_Your goal_:
The expected output is every entry, repeated exactly.

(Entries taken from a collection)
------------------------

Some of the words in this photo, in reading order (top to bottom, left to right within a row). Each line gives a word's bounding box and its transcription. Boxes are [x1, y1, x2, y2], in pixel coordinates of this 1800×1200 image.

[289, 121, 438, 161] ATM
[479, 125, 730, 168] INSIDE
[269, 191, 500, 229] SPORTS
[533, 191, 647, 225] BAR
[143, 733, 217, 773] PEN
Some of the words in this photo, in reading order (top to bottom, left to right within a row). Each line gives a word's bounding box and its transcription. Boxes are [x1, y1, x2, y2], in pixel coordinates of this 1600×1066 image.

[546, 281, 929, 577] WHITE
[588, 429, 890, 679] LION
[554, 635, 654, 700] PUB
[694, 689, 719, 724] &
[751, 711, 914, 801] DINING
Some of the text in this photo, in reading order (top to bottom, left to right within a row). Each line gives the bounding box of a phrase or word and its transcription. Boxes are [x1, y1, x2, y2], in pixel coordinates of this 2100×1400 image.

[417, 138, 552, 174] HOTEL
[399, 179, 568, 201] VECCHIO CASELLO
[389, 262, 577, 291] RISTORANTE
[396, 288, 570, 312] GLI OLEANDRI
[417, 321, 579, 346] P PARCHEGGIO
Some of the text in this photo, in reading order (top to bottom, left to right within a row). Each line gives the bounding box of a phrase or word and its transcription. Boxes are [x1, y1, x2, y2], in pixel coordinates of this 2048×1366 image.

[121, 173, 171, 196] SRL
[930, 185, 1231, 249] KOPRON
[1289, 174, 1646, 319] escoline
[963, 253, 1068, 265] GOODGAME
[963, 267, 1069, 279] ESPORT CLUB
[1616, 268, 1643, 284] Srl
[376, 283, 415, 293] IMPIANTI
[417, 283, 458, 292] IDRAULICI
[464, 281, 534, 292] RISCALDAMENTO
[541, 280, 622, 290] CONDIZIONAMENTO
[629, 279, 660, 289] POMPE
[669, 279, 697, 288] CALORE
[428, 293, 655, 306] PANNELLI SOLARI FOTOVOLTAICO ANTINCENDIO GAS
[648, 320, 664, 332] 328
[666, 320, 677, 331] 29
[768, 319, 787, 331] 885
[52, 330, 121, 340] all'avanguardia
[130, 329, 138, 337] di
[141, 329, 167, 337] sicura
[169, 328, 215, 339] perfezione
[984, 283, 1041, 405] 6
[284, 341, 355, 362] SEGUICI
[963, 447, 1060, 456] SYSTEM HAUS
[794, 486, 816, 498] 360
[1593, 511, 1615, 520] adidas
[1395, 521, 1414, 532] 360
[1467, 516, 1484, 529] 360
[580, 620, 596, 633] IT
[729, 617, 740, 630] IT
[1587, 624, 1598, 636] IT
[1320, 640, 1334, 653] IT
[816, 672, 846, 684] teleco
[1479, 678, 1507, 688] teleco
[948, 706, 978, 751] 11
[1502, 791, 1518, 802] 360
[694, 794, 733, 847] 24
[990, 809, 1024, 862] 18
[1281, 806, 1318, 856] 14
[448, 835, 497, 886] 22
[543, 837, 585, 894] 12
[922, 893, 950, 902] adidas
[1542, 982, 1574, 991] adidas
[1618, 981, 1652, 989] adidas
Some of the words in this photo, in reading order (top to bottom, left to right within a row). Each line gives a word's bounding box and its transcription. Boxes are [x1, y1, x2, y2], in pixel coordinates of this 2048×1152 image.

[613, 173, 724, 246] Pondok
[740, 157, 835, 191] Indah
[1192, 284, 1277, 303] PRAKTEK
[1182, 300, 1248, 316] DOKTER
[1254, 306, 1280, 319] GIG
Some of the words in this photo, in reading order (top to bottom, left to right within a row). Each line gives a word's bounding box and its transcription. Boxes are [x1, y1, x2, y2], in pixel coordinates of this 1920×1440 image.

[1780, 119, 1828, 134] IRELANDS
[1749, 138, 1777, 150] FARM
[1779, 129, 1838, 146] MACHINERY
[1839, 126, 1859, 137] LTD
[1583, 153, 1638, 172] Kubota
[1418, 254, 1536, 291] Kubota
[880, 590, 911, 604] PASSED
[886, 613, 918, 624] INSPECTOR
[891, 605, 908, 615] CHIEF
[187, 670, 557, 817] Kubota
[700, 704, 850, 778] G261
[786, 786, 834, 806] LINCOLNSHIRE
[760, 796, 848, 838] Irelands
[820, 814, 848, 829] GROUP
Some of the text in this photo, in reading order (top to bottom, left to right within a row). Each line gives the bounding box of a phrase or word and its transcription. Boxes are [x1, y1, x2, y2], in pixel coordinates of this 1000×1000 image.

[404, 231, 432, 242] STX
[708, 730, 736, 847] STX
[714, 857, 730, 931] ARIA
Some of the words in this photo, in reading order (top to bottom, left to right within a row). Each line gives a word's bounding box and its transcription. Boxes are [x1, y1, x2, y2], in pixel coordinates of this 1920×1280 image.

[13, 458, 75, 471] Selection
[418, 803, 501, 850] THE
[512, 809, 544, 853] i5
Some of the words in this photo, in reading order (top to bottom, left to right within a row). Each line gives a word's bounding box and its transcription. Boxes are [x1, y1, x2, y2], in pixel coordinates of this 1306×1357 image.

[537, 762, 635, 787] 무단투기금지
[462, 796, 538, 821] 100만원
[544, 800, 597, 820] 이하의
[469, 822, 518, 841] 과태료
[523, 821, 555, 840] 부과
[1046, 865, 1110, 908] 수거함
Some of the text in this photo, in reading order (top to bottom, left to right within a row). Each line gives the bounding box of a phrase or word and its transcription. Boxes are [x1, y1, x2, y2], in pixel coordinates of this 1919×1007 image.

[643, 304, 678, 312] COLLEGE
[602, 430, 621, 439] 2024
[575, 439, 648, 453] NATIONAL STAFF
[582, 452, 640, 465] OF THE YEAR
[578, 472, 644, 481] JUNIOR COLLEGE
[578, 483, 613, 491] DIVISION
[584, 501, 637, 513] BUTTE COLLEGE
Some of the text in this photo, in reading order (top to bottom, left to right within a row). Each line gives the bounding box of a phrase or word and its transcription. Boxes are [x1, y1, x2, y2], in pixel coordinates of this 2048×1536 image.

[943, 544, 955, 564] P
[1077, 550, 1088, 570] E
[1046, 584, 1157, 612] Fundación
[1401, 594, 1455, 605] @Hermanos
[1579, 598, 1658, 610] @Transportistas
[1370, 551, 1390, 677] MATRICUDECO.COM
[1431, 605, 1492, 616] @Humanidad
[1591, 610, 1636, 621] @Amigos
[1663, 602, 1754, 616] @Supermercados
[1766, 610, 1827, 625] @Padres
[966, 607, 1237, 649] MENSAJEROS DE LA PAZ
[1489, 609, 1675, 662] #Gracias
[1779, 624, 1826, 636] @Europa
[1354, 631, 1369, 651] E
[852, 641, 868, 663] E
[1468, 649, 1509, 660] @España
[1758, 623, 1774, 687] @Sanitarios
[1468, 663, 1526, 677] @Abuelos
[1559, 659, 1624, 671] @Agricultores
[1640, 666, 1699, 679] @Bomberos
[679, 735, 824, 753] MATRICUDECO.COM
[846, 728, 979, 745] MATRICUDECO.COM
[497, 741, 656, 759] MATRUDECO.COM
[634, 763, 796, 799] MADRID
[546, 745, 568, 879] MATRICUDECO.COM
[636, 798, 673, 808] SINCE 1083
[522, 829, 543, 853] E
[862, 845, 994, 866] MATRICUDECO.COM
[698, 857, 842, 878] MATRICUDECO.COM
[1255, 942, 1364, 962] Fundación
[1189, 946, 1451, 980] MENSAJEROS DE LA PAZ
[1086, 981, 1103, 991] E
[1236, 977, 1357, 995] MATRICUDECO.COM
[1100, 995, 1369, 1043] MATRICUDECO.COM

------------------------

_Solution to this exercise_:
Some of the words in this photo, in reading order (top to bottom, left to right within a row). Each line gives a word's bounding box and its transcription. Boxes are [x1, y1, x2, y2], in pixel coordinates of this 1800×1200 image.

[289, 121, 438, 161] ATM
[479, 125, 730, 168] INSIDE
[269, 191, 500, 229] SPORTS
[533, 191, 647, 225] BAR
[143, 733, 217, 773] PEN
Some of the words in this photo, in reading order (top to bottom, left to right within a row). Each line gives a word's bounding box and its transcription. Boxes are [x1, y1, x2, y2], in pixel coordinates of this 1600×1066 image.

[546, 281, 929, 577] WHITE
[588, 429, 890, 679] LION
[554, 635, 654, 700] PUB
[694, 689, 719, 724] &
[751, 711, 914, 801] DINING
Some of the text in this photo, in reading order (top to bottom, left to right within a row). Each line gives the bounding box of a phrase or word and its transcription. Boxes are [x1, y1, x2, y2], in pixel coordinates of this 2100×1400 image.

[417, 138, 552, 174] HOTEL
[399, 179, 568, 201] VECCHIO CASELLO
[389, 262, 577, 291] RISTORANTE
[396, 288, 570, 312] GLI OLEANDRI
[417, 321, 579, 346] P PARCHEGGIO
Some of the text in this photo, in reading order (top to bottom, left to right within a row). Each line gives the bounding box of a phrase or word and its transcription. Boxes are [x1, y1, x2, y2], in pixel coordinates of this 2048×1366 image.

[121, 173, 171, 196] SRL
[930, 185, 1231, 249] KOPRON
[1289, 174, 1646, 319] escoline
[963, 253, 1068, 265] GOODGAME
[963, 267, 1069, 279] ESPORT CLUB
[1616, 268, 1643, 284] Srl
[376, 283, 415, 293] IMPIANTI
[417, 283, 458, 292] IDRAULICI
[464, 281, 534, 292] RISCALDAMENTO
[541, 280, 622, 290] CONDIZIONAMENTO
[629, 279, 660, 289] POMPE
[669, 279, 697, 288] CALORE
[428, 293, 655, 306] PANNELLI SOLARI FOTOVOLTAICO ANTINCENDIO GAS
[648, 320, 664, 332] 328
[666, 320, 677, 331] 29
[768, 319, 787, 331] 885
[52, 330, 121, 340] all'avanguardia
[130, 329, 138, 337] di
[141, 329, 167, 337] sicura
[169, 328, 215, 339] perfezione
[984, 283, 1041, 405] 6
[284, 341, 355, 362] SEGUICI
[963, 447, 1060, 456] SYSTEM HAUS
[794, 486, 816, 498] 360
[1593, 511, 1615, 520] adidas
[1395, 521, 1414, 532] 360
[1467, 516, 1484, 529] 360
[580, 620, 596, 633] IT
[729, 617, 740, 630] IT
[1587, 624, 1598, 636] IT
[1320, 640, 1334, 653] IT
[816, 672, 846, 684] teleco
[1479, 678, 1507, 688] teleco
[948, 706, 978, 751] 11
[1502, 791, 1518, 802] 360
[694, 794, 733, 847] 24
[990, 809, 1024, 862] 18
[1281, 806, 1318, 856] 14
[448, 835, 497, 886] 22
[543, 837, 585, 894] 12
[922, 893, 950, 902] adidas
[1542, 982, 1574, 991] adidas
[1618, 981, 1652, 989] adidas
Some of the words in this photo, in reading order (top to bottom, left to right within a row). Each line gives a word's bounding box and its transcription. Boxes are [x1, y1, x2, y2], in pixel coordinates of this 2048×1152 image.

[613, 173, 724, 246] Pondok
[740, 157, 835, 191] Indah
[1192, 284, 1277, 303] PRAKTEK
[1182, 300, 1248, 316] DOKTER
[1254, 306, 1280, 319] GIG
Some of the words in this photo, in reading order (top to bottom, left to right within a row). Each line gives a word's bounding box and its transcription. Boxes are [x1, y1, x2, y2], in pixel coordinates of this 1920×1440 image.

[1780, 119, 1828, 134] IRELANDS
[1749, 138, 1777, 150] FARM
[1779, 129, 1838, 146] MACHINERY
[1839, 126, 1859, 137] LTD
[1583, 153, 1638, 172] Kubota
[1418, 254, 1536, 291] Kubota
[880, 590, 911, 604] PASSED
[886, 613, 918, 624] INSPECTOR
[891, 605, 908, 615] CHIEF
[187, 670, 557, 817] Kubota
[700, 704, 850, 778] G261
[786, 786, 834, 806] LINCOLNSHIRE
[760, 796, 848, 838] Irelands
[820, 814, 848, 829] GROUP
Some of the text in this photo, in reading order (top to bottom, left to right within a row). Each line gives the bounding box of a phrase or word and its transcription. Boxes are [x1, y1, x2, y2], in pixel coordinates of this 1000×1000 image.

[404, 231, 432, 242] STX
[708, 730, 736, 847] STX
[714, 857, 730, 931] ARIA
Some of the words in this photo, in reading order (top to bottom, left to right within a row). Each line gives a word's bounding box and its transcription. Boxes are [x1, y1, x2, y2], in pixel coordinates of this 1920×1280 image.

[13, 458, 75, 471] Selection
[418, 803, 501, 850] THE
[512, 809, 544, 853] i5
Some of the words in this photo, in reading order (top to bottom, left to right within a row). Each line gives a word's bounding box and its transcription. Boxes are [x1, y1, x2, y2], in pixel coordinates of this 1306×1357 image.

[537, 762, 635, 787] 무단투기금지
[462, 796, 538, 821] 100만원
[544, 800, 597, 820] 이하의
[469, 822, 518, 841] 과태료
[523, 821, 555, 840] 부과
[1046, 865, 1110, 908] 수거함
Some of the text in this photo, in reading order (top to bottom, left to right within a row). Each line gives the bounding box of a phrase or word and its transcription. Boxes are [x1, y1, x2, y2], in pixel coordinates of this 1919×1007 image.

[643, 304, 678, 312] COLLEGE
[602, 430, 621, 439] 2024
[575, 439, 648, 453] NATIONAL STAFF
[582, 452, 640, 465] OF THE YEAR
[578, 472, 644, 481] JUNIOR COLLEGE
[578, 483, 613, 491] DIVISION
[584, 501, 637, 513] BUTTE COLLEGE
Some of the text in this photo, in reading order (top to bottom, left to right within a row). Each line gives the bounding box of a phrase or word and its transcription. Boxes are [x1, y1, x2, y2], in pixel coordinates of this 2048×1536 image.

[943, 544, 955, 564] P
[1077, 550, 1088, 570] E
[1046, 584, 1157, 612] Fundación
[1401, 594, 1455, 605] @Hermanos
[1579, 598, 1658, 610] @Transportistas
[1370, 551, 1390, 677] MATRICUDECO.COM
[1431, 605, 1492, 616] @Humanidad
[1591, 610, 1636, 621] @Amigos
[1663, 602, 1754, 616] @Supermercados
[1766, 610, 1827, 625] @Padres
[966, 607, 1237, 649] MENSAJEROS DE LA PAZ
[1489, 609, 1675, 662] #Gracias
[1779, 624, 1826, 636] @Europa
[1354, 631, 1369, 651] E
[852, 641, 868, 663] E
[1468, 649, 1509, 660] @España
[1758, 623, 1774, 687] @Sanitarios
[1468, 663, 1526, 677] @Abuelos
[1559, 659, 1624, 671] @Agricultores
[1640, 666, 1699, 679] @Bomberos
[679, 735, 824, 753] MATRICUDECO.COM
[846, 728, 979, 745] MATRICUDECO.COM
[497, 741, 656, 759] MATRUDECO.COM
[634, 763, 796, 799] MADRID
[546, 745, 568, 879] MATRICUDECO.COM
[636, 798, 673, 808] SINCE 1083
[522, 829, 543, 853] E
[862, 845, 994, 866] MATRICUDECO.COM
[698, 857, 842, 878] MATRICUDECO.COM
[1255, 942, 1364, 962] Fundación
[1189, 946, 1451, 980] MENSAJEROS DE LA PAZ
[1086, 981, 1103, 991] E
[1236, 977, 1357, 995] MATRICUDECO.COM
[1100, 995, 1369, 1043] MATRICUDECO.COM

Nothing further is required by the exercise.